▶ DIRECTIONS:
Give the data again in full, exactly as written below.

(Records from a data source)
────────────────────
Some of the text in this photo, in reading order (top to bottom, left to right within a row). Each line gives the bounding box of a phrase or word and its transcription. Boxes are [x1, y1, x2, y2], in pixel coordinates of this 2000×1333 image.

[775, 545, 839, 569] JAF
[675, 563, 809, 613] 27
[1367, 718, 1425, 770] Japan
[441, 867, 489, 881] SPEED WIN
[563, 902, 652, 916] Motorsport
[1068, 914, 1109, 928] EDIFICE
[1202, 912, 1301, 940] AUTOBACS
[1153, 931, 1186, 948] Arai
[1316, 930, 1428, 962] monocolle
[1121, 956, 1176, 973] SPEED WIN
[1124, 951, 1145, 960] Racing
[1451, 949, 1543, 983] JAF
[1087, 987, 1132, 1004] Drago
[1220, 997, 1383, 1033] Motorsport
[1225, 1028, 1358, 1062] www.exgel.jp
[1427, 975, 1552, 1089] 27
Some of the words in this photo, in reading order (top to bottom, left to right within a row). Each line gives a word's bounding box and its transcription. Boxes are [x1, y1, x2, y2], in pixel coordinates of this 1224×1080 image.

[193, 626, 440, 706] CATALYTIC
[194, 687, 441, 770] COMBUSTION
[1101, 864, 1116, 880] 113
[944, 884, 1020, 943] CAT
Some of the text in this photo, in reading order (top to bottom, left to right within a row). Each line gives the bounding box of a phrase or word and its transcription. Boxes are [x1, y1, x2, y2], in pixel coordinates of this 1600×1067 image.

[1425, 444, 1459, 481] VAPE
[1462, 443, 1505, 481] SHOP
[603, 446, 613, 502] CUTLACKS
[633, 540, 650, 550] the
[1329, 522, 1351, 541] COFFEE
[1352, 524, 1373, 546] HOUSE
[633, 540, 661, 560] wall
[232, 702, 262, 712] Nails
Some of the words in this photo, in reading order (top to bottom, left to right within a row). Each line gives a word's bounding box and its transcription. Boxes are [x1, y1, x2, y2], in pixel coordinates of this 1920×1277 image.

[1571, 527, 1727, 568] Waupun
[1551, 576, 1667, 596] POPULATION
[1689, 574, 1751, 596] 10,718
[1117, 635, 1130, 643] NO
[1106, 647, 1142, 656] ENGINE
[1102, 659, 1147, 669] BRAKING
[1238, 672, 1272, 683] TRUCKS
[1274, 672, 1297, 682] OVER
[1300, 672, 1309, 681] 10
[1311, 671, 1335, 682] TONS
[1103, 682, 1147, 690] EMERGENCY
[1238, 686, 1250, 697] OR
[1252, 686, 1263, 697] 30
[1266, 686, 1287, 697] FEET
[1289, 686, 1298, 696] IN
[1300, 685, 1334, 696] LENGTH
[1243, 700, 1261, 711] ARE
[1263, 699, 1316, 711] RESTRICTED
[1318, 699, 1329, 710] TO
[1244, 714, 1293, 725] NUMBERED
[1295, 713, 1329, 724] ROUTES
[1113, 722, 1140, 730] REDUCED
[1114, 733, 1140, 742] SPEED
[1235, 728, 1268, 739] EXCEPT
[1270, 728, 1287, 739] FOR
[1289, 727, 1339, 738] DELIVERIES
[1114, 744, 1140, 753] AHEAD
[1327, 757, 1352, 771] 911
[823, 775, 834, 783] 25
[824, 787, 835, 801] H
────────────────────
▶ EXERCISE RESULT:
Some of the text in this photo, in reading order (top to bottom, left to right within a row). Each line gives the bounding box of a phrase or word and its transcription. Boxes are [x1, y1, x2, y2], in pixel coordinates of this 2000×1333 image.

[775, 545, 839, 569] JAF
[675, 563, 809, 613] 27
[1367, 718, 1425, 770] Japan
[441, 867, 489, 881] SPEED WIN
[563, 902, 652, 916] Motorsport
[1068, 914, 1109, 928] EDIFICE
[1202, 912, 1301, 940] AUTOBACS
[1153, 931, 1186, 948] Arai
[1316, 930, 1428, 962] monocolle
[1121, 956, 1176, 973] SPEED WIN
[1124, 951, 1145, 960] Racing
[1451, 949, 1543, 983] JAF
[1087, 987, 1132, 1004] Drago
[1220, 997, 1383, 1033] Motorsport
[1225, 1028, 1358, 1062] www.exgel.jp
[1427, 975, 1552, 1089] 27
Some of the words in this photo, in reading order (top to bottom, left to right within a row). Each line gives a word's bounding box and its transcription. Boxes are [x1, y1, x2, y2], in pixel coordinates of this 1224×1080 image.

[193, 626, 440, 706] CATALYTIC
[194, 687, 441, 770] COMBUSTION
[1101, 864, 1116, 880] 113
[944, 884, 1020, 943] CAT
Some of the text in this photo, in reading order (top to bottom, left to right within a row). Each line gives the bounding box of a phrase or word and its transcription. Boxes are [x1, y1, x2, y2], in pixel coordinates of this 1600×1067 image.

[1425, 444, 1459, 481] VAPE
[1462, 443, 1505, 481] SHOP
[603, 446, 613, 502] CUTLACKS
[633, 540, 650, 550] the
[1329, 522, 1351, 541] COFFEE
[1352, 524, 1373, 546] HOUSE
[633, 540, 661, 560] wall
[232, 702, 262, 712] Nails
Some of the words in this photo, in reading order (top to bottom, left to right within a row). Each line gives a word's bounding box and its transcription. Boxes are [x1, y1, x2, y2], in pixel coordinates of this 1920×1277 image.

[1571, 527, 1727, 568] Waupun
[1551, 576, 1667, 596] POPULATION
[1689, 574, 1751, 596] 10,718
[1117, 635, 1130, 643] NO
[1106, 647, 1142, 656] ENGINE
[1102, 659, 1147, 669] BRAKING
[1238, 672, 1272, 683] TRUCKS
[1274, 672, 1297, 682] OVER
[1300, 672, 1309, 681] 10
[1311, 671, 1335, 682] TONS
[1103, 682, 1147, 690] EMERGENCY
[1238, 686, 1250, 697] OR
[1252, 686, 1263, 697] 30
[1266, 686, 1287, 697] FEET
[1289, 686, 1298, 696] IN
[1300, 685, 1334, 696] LENGTH
[1243, 700, 1261, 711] ARE
[1263, 699, 1316, 711] RESTRICTED
[1318, 699, 1329, 710] TO
[1244, 714, 1293, 725] NUMBERED
[1295, 713, 1329, 724] ROUTES
[1113, 722, 1140, 730] REDUCED
[1114, 733, 1140, 742] SPEED
[1235, 728, 1268, 739] EXCEPT
[1270, 728, 1287, 739] FOR
[1289, 727, 1339, 738] DELIVERIES
[1114, 744, 1140, 753] AHEAD
[1327, 757, 1352, 771] 911
[823, 775, 834, 783] 25
[824, 787, 835, 801] H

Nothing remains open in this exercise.